Ultrasonic suspension sample table for synchrotron radiation X-ray scattering test

Technical Field

The invention relates to the technical field of synchrotron radiation X-ray scattering tests, in particular to an ultrasonic suspension sample table for synchrotron radiation X-ray scattering tests.

Background

The synchrotron radiation X-ray technology is an important means for researching the microstructure evolution law of a liquid (melt) material under the action of an external field, such as the dynamic self-assembly behavior of a liquid nano material, the evaporation phase transformation behavior of colloid drops, the cooling crystallization behavior of a soft substance solution and the like.

Because of gravity, the liquid (melt) material needs to be encapsulated in a cavity made of a specific material when the synchrotron radiation X-ray scattering test is carried out at present, which brings great inconvenience to the collection of scattering signals and the analysis of data, such as: the difference of the electron cloud density of the liquid (melt) material is small, and the scattering signal of the liquid (melt) material can be further weakened by the absorption of the cavity material on the X-ray, even the scattering signal of the liquid (melt) material disappears; scattering signals (scattering rings, orientation, stray and the like) also exist in the cavity material, and the scattering signals may shield the scattering signals of the liquid (melt) material, so that the difficulty of data analysis is increased; the cavity material is contacted with the liquid (melt) material, and the microstructure evolution behavior of the liquid (melt) material under the action of an external force field and the like can be influenced.

If the liquid (solution) material can be suspended by the ultrasonic suspension device during the synchrotron radiation X-ray scattering test, and is not in contact with other supporting materials, no other window material is arranged on an X-ray light path, and the problems can be well solved. However, the experimental station for synchrotron radiation X-ray scattering test has a small space and many internal devices, so the spatial layout of the ultrasonic suspension device and other devices of the experimental station is a technical problem to be solved urgently; in addition, since the X-ray is invisible light, how to ensure that the X-ray enters a specific part of the suspended sample after the X-ray reaches the sample point of the experiment station is another technical problem to be solved.

Disclosure of Invention

The invention aims to provide an ultrasonic suspension sample stage for synchrotron radiation X-ray scattering test, which can suspend a sample during test, guide X-rays to enter a preset position of the sample and detect the light focusing state of the sample in real time.

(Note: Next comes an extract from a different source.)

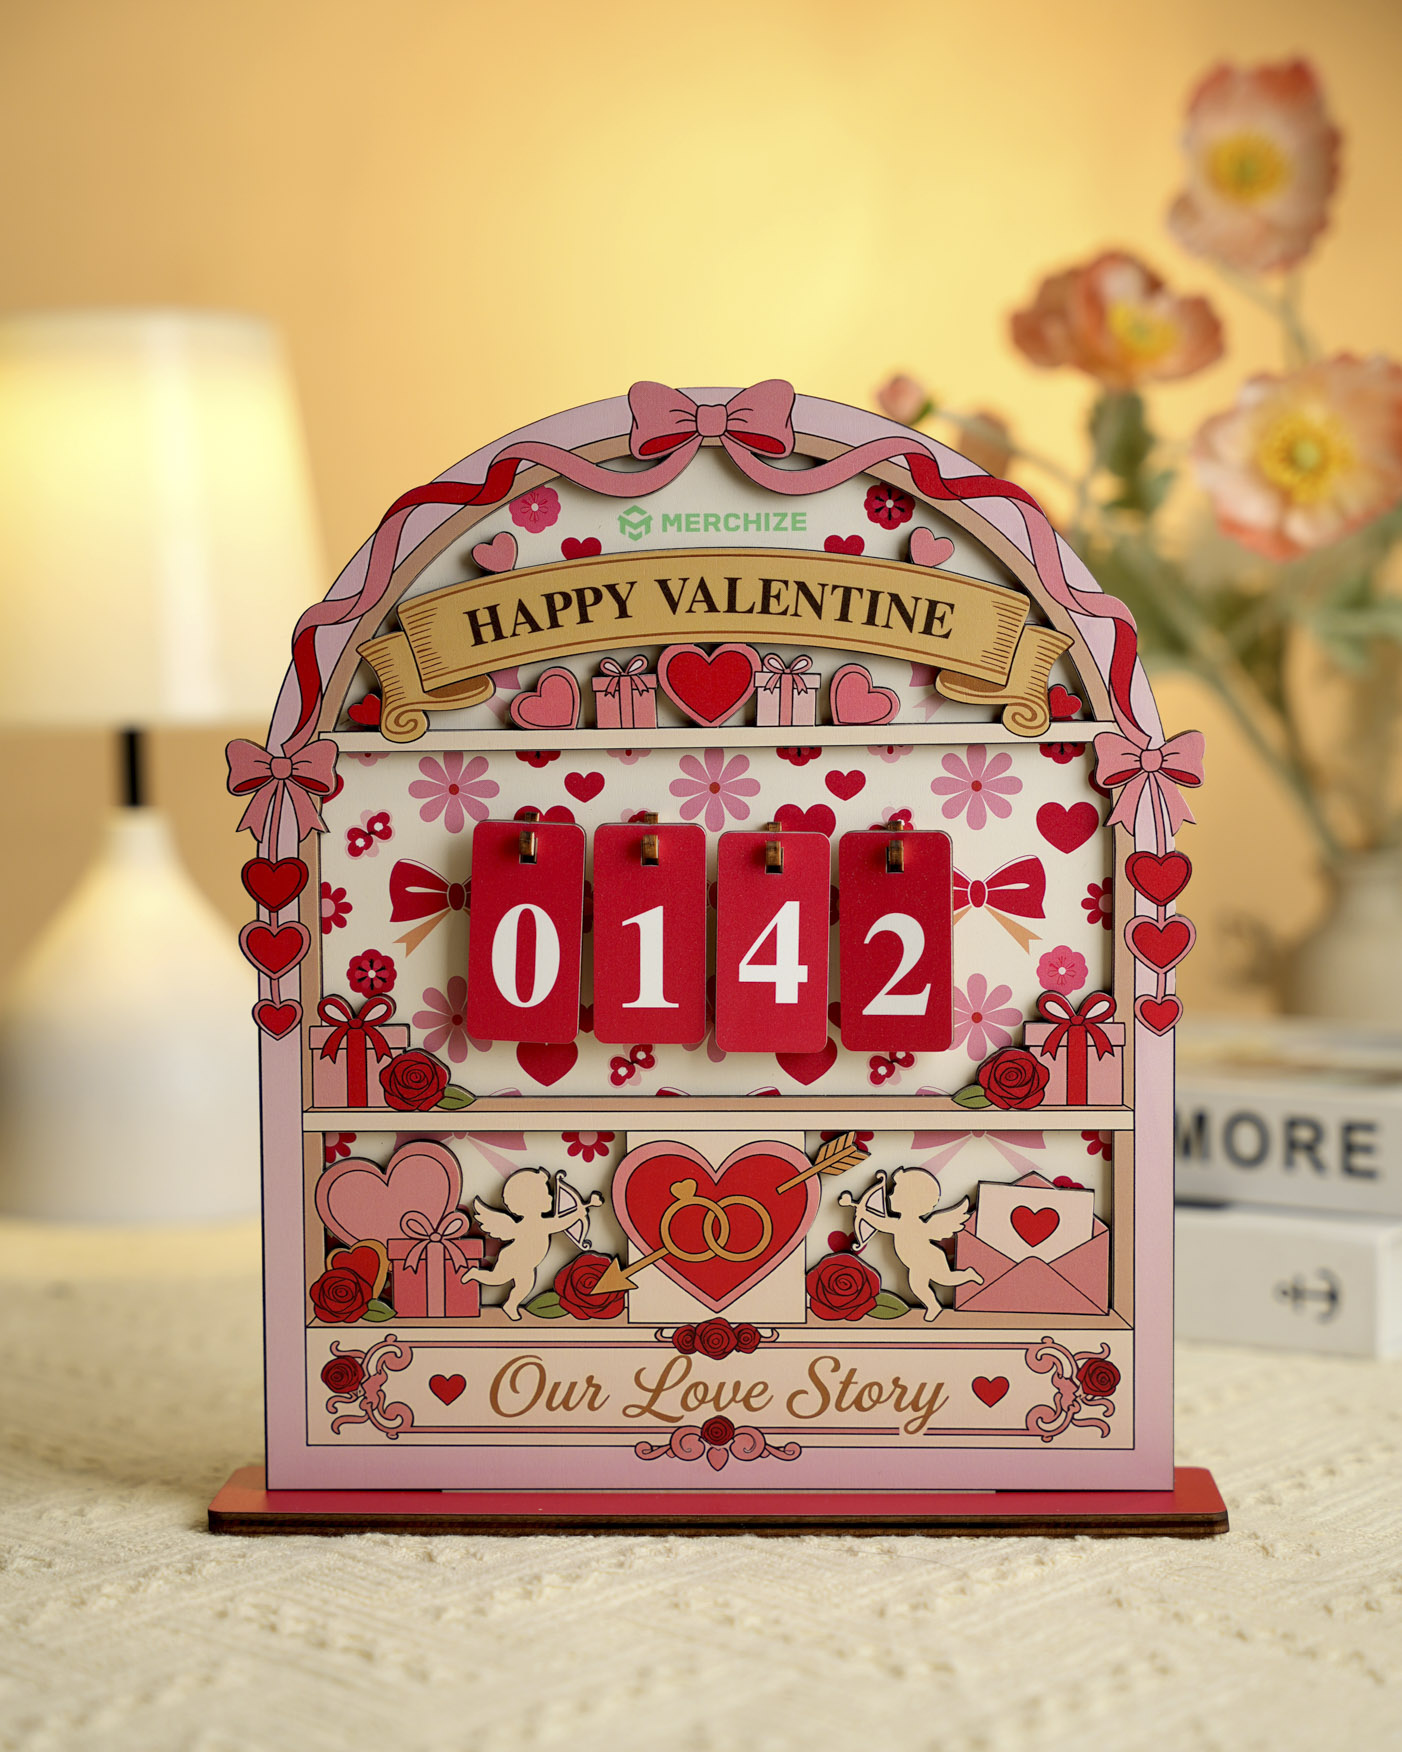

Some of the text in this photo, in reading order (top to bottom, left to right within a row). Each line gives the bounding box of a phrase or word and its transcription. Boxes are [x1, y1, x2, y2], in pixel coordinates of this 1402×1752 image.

[661, 511, 808, 533] MERCHIZE
[462, 576, 956, 648] HAPPY VALENTINE
[1174, 1106, 1381, 1181] MORE
[489, 1354, 950, 1435] Our Love Story

In view of the above, the present invention provides an ultrasonic suspension sample stage for synchrotron radiation X-ray scattering test, comprising a real-time detection focusing device and an ultrasonic suspension device, which are sequentially arranged on a first optical axis along an incident direction of X-rays, wherein the ultrasonic suspension device is arranged to suspend a sample on the first optical axis.

The real-time detection light-focusing device comprises a CCD camera, an electric zoom lens barrel and a plane reflector which are sequentially arranged on a second optical axis vertical to the first optical axis, wherein the plane reflector is positioned at the intersection of the first optical axis and the second optical axis.

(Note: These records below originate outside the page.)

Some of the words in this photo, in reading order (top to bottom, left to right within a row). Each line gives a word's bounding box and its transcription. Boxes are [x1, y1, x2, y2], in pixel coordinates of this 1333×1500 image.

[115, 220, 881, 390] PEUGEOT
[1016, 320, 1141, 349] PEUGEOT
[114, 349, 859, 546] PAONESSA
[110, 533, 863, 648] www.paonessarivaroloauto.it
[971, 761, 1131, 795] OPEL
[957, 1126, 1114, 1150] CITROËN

And the plane reflector is provided with a through hole for X-rays to pass through.

Furthermore, the real-time detection focusing device further comprises a first electric platform and a second electric platform, the first electric platform is arranged on the second electric platform, the CCD camera and the electric zoom lens barrel are arranged on the first electric platform, the second electric platform is arranged to adjust the position of the X axis and the position of the Z axis of the first electric platform, and the first electric platform is arranged to adjust the position of the CCD camera and the position of the electric zoom lens barrel on the lens focusing axis and the position of the Y axis.

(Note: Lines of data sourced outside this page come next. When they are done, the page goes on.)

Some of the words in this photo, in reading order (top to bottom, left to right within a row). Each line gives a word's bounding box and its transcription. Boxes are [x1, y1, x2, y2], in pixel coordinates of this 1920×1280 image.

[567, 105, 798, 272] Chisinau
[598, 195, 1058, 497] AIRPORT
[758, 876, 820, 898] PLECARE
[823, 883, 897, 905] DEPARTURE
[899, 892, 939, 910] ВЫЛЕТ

Furthermore, the second electric platform comprises an X-axis sliding table and a Z-axis sliding table, the Z-axis sliding table is arranged on the X-axis sliding table or the X-axis sliding table is arranged on the Z-axis sliding table, the X-axis sliding table is arranged to be capable of moving on the X axis, and the Z-axis sliding table is arranged to be capable of moving on the Z axis.

Further, an adjusting platform is arranged on the second electric platform, the plane reflecting mirror is arranged on the adjusting platform, and the adjusting platform is arranged to adjust the inclination angle of the plane reflecting mirror and the X axis and the rotation angle around the Z axis, so that the X ray can completely pass through the through hole on the plane reflecting mirror.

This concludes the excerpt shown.